Eyebright is commonly used in European folk medicine for blepharitis and conjunctivitis, as well as for a poultice for styes and the general management of eye fatigue. It is also used internally for coughs and hoarseness, as well as a homeopathic remedy for conjunctivitis. 7 The phenol-carboxylic acids are thought to play a role in the antibacterial effects of eyebright.

Animal/Clinical data

Research reveals no animal or clinical data regarding the use of eyebright.

Dosage

There are no recent clinical studies of eyebright to provide a basis for dosage recommendations. The herb is typically applied topically.

Pregnancy/Lactation

Information regarding safety and efficacy in pregnancy and lactation is lacking. Avoid use.

Interactions

None well documented.

Adverse Reactions

While there are no known risks associated with eyebright, its purported activities have not been clinically substantiated and the folkloric use is unacceptable on hygienic grounds.

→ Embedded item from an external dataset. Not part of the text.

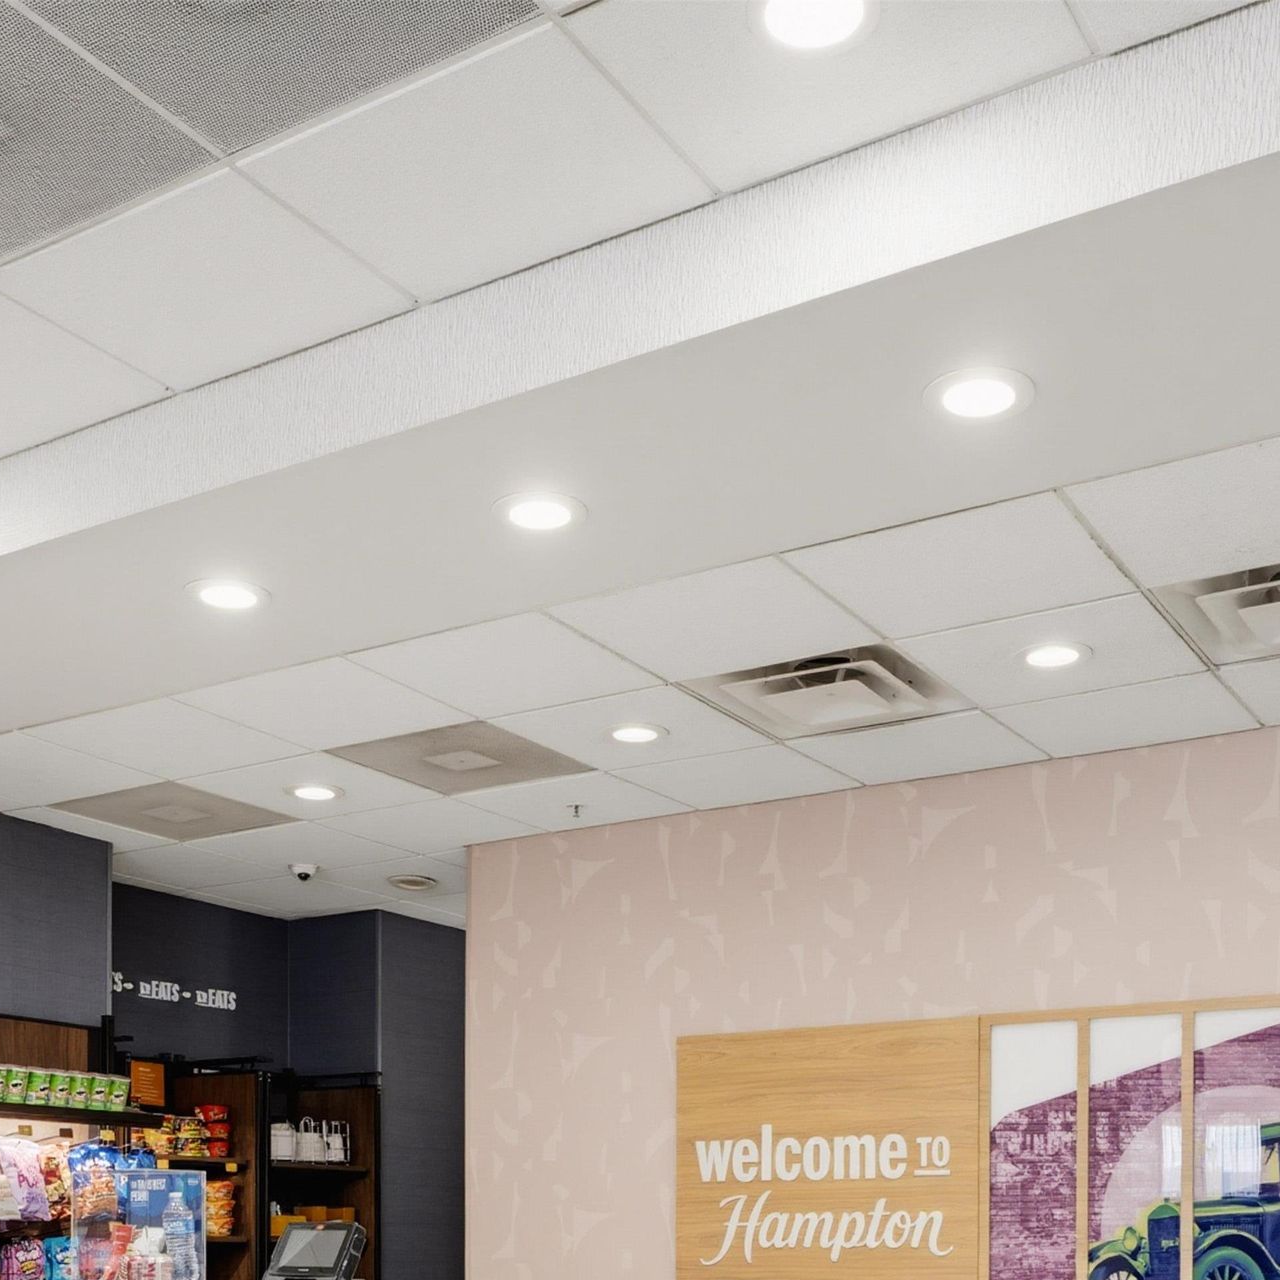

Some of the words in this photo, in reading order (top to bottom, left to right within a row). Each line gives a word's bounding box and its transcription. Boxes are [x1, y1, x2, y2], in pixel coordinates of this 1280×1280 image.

[694, 1124, 908, 1183] welcome
[913, 1136, 951, 1177] TO
[699, 1190, 954, 1266] Hampton

German studies suggest that 10 to 60 drops of eyebright tincture could induce confusion, cephalalgia, violent pressure in the eyes with tearing, itching, redness and swelling of the margins of the lids, photophobia, dim vision, weakness, sneezing, coryza, nausea, toothache, constipation, hoarseness, cough, expectoration, dyspnea, yawning, insomnia, polyuria and diaphoresis. 3 Hence, ophthalmic use of this material is strongly discouraged.

Toxicology

Research reveals little or no information regarding toxicology with the use of this product.

Bibliography

1. Boyd EL, et al. Home Remedies and the Black Elderly . Ann Arbor: University of Michigan, 1984.
2. Harkiss KJ, Timmins P. Studies in the Scrophulariaceae. 8. Phytochemical investigation of Euphrasis officinalis. Planta Med . 1973;23(4):342.
3. Duke JA. Handbook of Medicinal Herbs . Boca Raton, FL: CRC Press, 1985.
4. Sodzawiczny K, et al. Content of Tannins and Aucuboside in Herba euphrasiae from Southern Poland. Herba Polonica . 1984;30(3–4):165.
5. Salama O, Sticher O. Iridoid Glucosides from Euphrasia rostkoviana . Part 4. Glycosides from Euphrasia species. Planta Med . 1983;47:90.
6. Matlawska I, et al. Flavonoid Compound in Herba euphrasiae . Herba Polonica . 1988;34(3):97.
7. Bisset NG, ed. Herbal Drugs and Phytopharmaceuticals . Stuttgart: Medpharm Scientific Publishers, 1994.